Thursday, August 20, 2020

Lucia van Aerssen-Walta's letter to Constantijn Huygens, dated December 6, 1663

Source:

Briefwisseling van Constantijn Huygens

http://resources.huygens.knaw.nl/watermarker/media/huygens/original/transcriptieswalta.pdf?pos_x=10&pos_y=3&use_border=true&all_pages=true&color=20%2C20%2C20&text=%C2%A9+Huygens+ING-website%0Ap.+2%0Ahttp%3A%2F%2Fresources.huygens.knaw.nl%2Fbriefwisselingconstantijnhuygens%2Fbrief%2Fnr%2F6194&font_size=1.5%25

The letter:

Den 6 december [1663]
Mijnheer,
Alle uwe dienaere ende dienaresse, daer ick een van de prinsepaelste van sij, beklage seer uwe langdurige absensij en vrese met mij dat het noch na langer verblijf noch met onverrechtersaeke sult moete thuiscome, dat 2 vrouwe verbrot hebbe, so moetwillich, dat soude men Uw.d nu wel wille opleggen om dat te vereffene. De tijt sal alles lere. Mijn goede man saliger en hat daer geen opini van. Got geve Uw.d maer patiencij en gesontheyt, om sulcks af te wachte.

Uwe particulire affaire souden u sonder twijfel wel in De Hag vereyse en het soude een groote vreucht sijn onder het maegschap dat se daer enige hoop toe sagen, maer sij moete almede gedult hebben.

Ende terwijl dat Mijnheer daer is, so wort ick seer gesoliciteert van een van mijn dochters, die haer drouvich kleetsel van haer vader saliger sal moeten afleggen, om Mijnheer te bidde die goetheyt te hebben om voor haer eene rock, of om beter te seggen, stof tot een rock te koopen van gecoleurt, op de aldernieuste mode, mits datter bleu morant in coomt, want haer sinnelickeyt strekt tot het bleu mourant. En soude deze commissie aen nimant wille vertrouwe als aen Uw.de, die sich op alles so wel verstaet, en bij elckeen bekent is die weet wat de nieuste mode is. En als Uw.d die goetheyt sal gehat hebbe om die te kope, so bit sij, dat het doch met de aldereerste coches mocht cito cito op Brussel aen Madamoiselle Boudry mocht gesonden, met een letterke versoek aen haer, so het u belieft, sito aen ons te bestelle, anders het blijft so schriclijck lang onderweech. Oock wort er noch gebeden om enige staeltjes voer rocke en tabbers, en oock meteen of men de poins de Vinise die vray sijn en sterck voer een neusdoek om een civile prijs can hebbe. Oock wort er gebede of Mijnheer noch de goetheyt gelieft te hebbe om 12 steele aen de ronde wayers, die men voer het vier in de camers heeft, te senden. Men heeft er aen mijn soen 12 rondele gesonde en de stele hebben se vergete.

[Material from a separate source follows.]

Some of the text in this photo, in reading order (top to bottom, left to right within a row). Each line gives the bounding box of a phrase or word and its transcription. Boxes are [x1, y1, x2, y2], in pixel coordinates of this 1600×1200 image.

Versoeke gans dienstelijck, als dese complesses gedaen sijn, dat Mijnheer die daer gelieft te doen betale aan Van Gangel en sult hier wederom geve.

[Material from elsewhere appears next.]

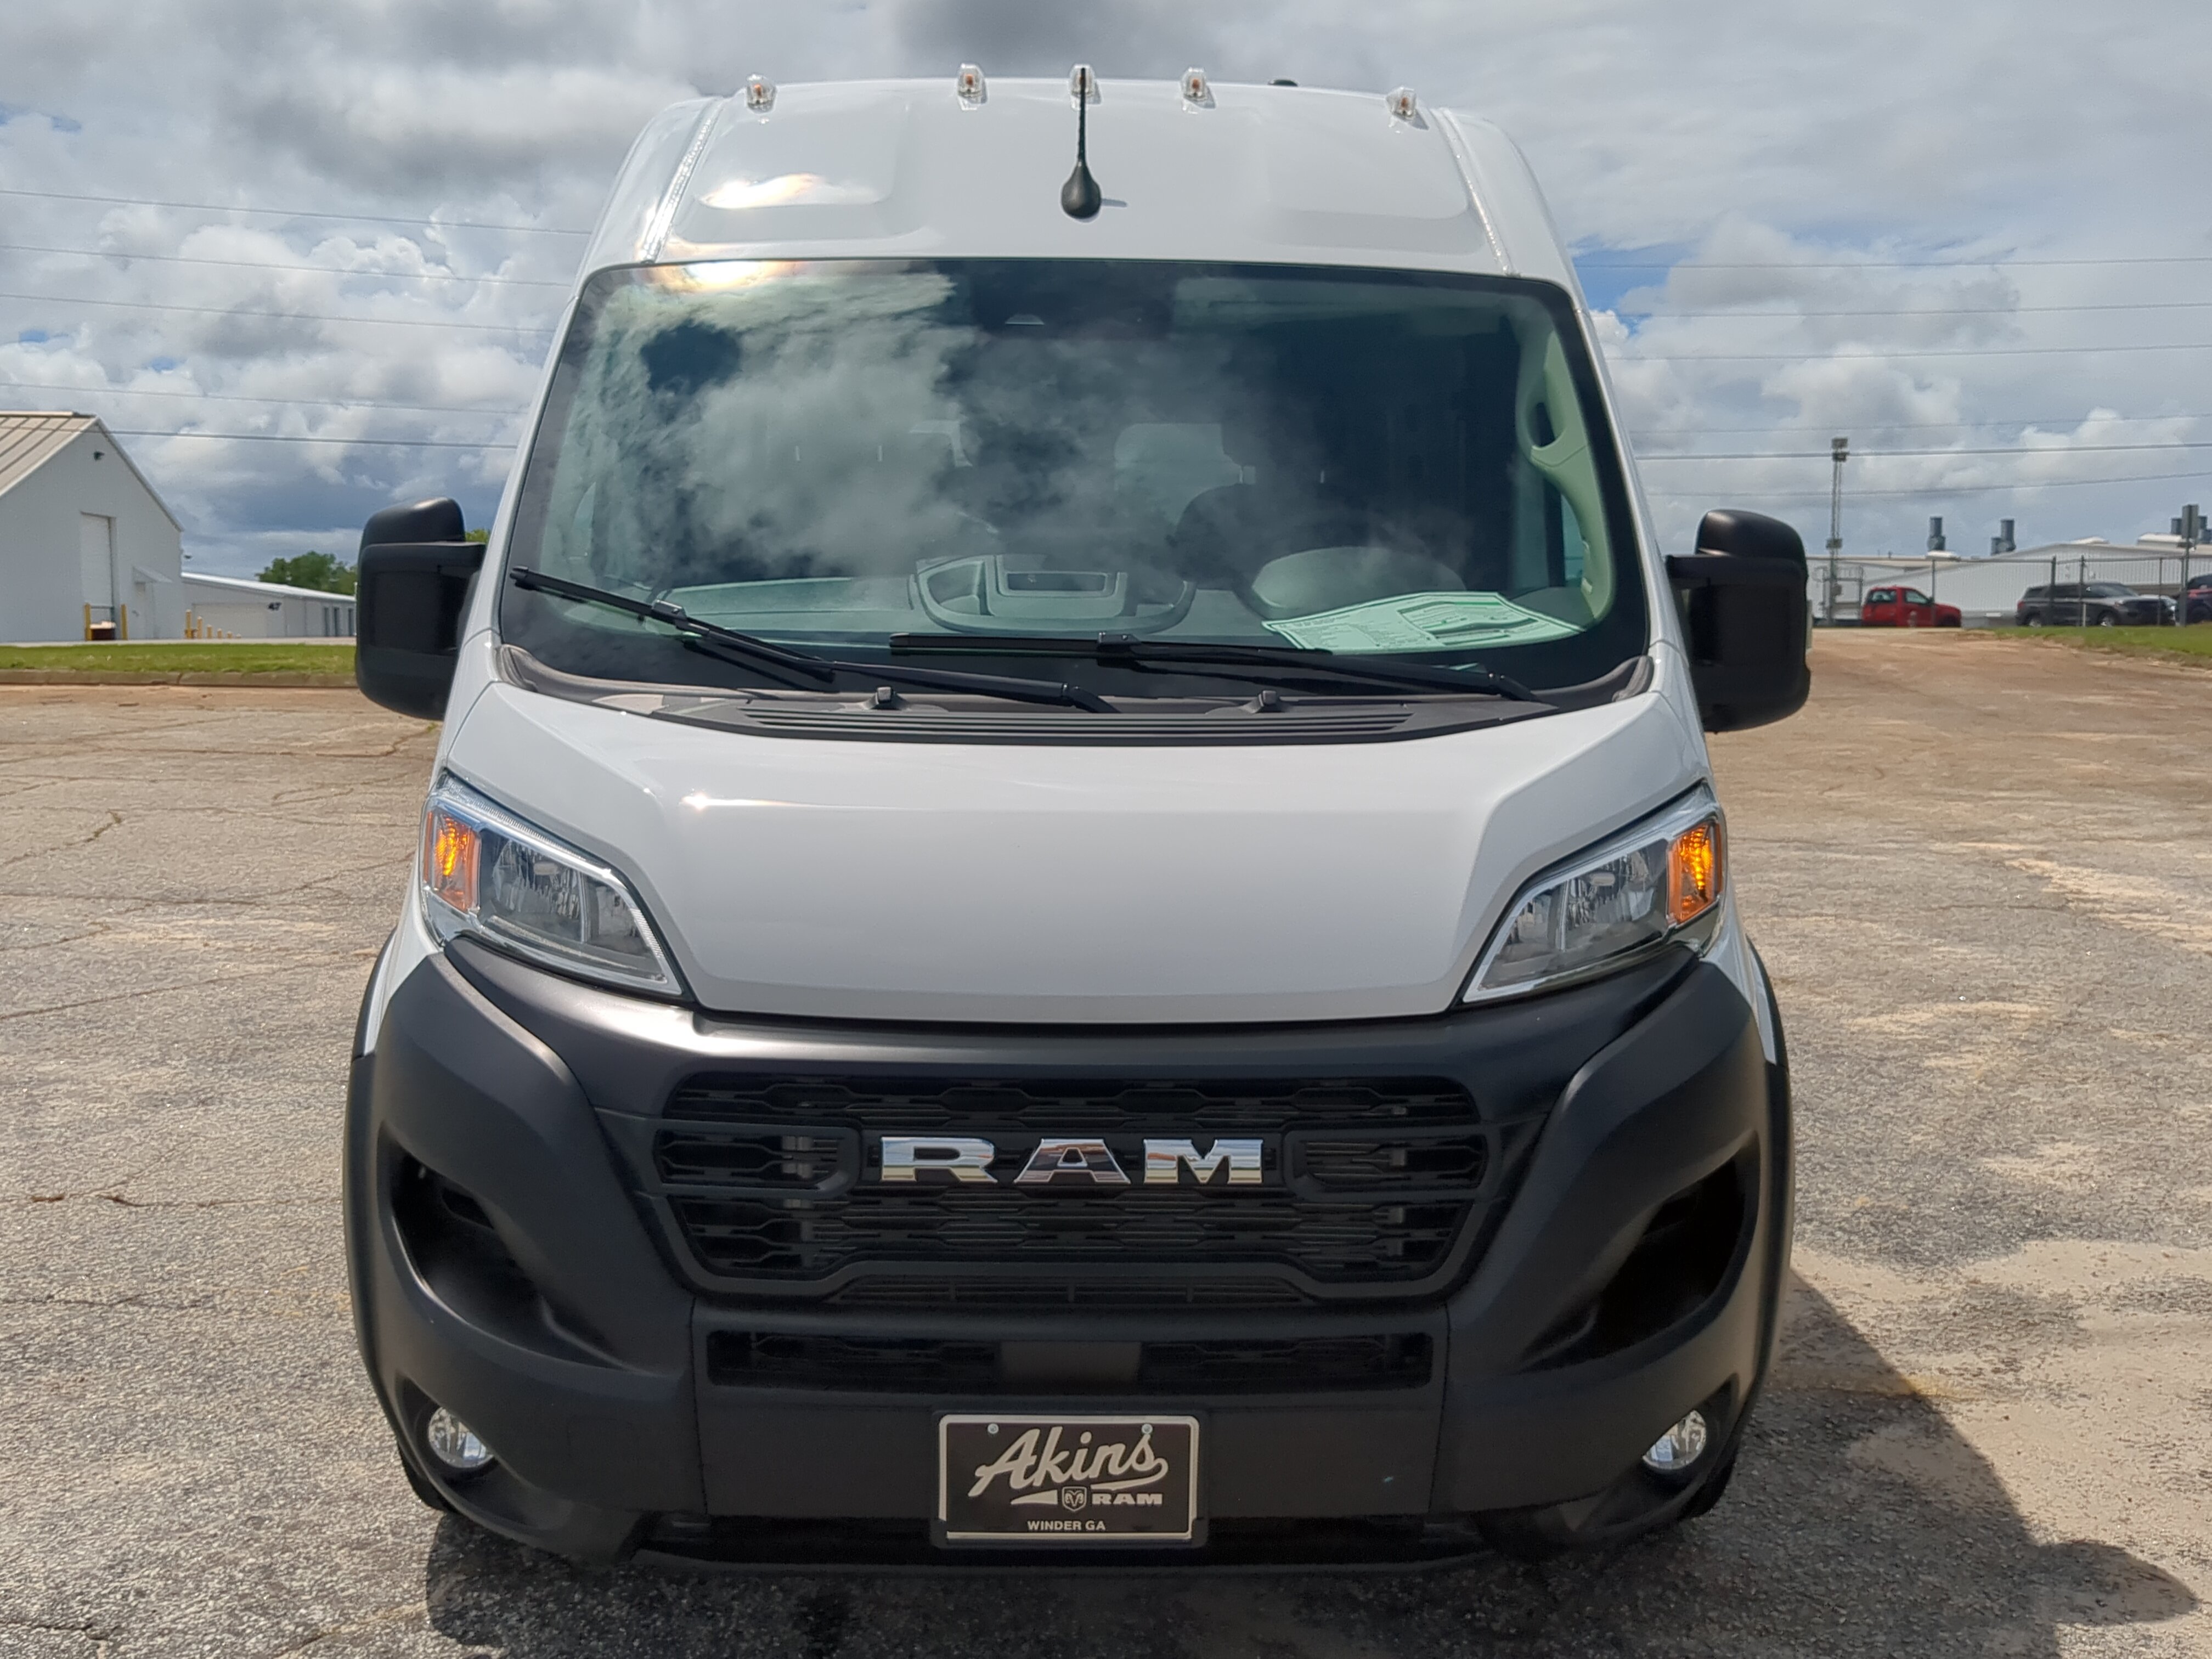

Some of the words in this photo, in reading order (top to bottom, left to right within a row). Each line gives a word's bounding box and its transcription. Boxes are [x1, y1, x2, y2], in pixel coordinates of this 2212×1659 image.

Ick bidde Uw.d, vergeeft mijn vrijmoedicheyt die ick neem. Ick sondige noch op uwe oude goetheyt t’onswaers en wenste maer occasij dat ick, doch onbequaam sijnde, het soude conne erkenne, ondertusse mij recommanderende in d’eer van uwe goede grasij sal ick blijve,
Mijnheer,
Uwed. ootmoedige ende dienstwilige dienarse
Lucia van Walta, Doverge van Sommelsdijck.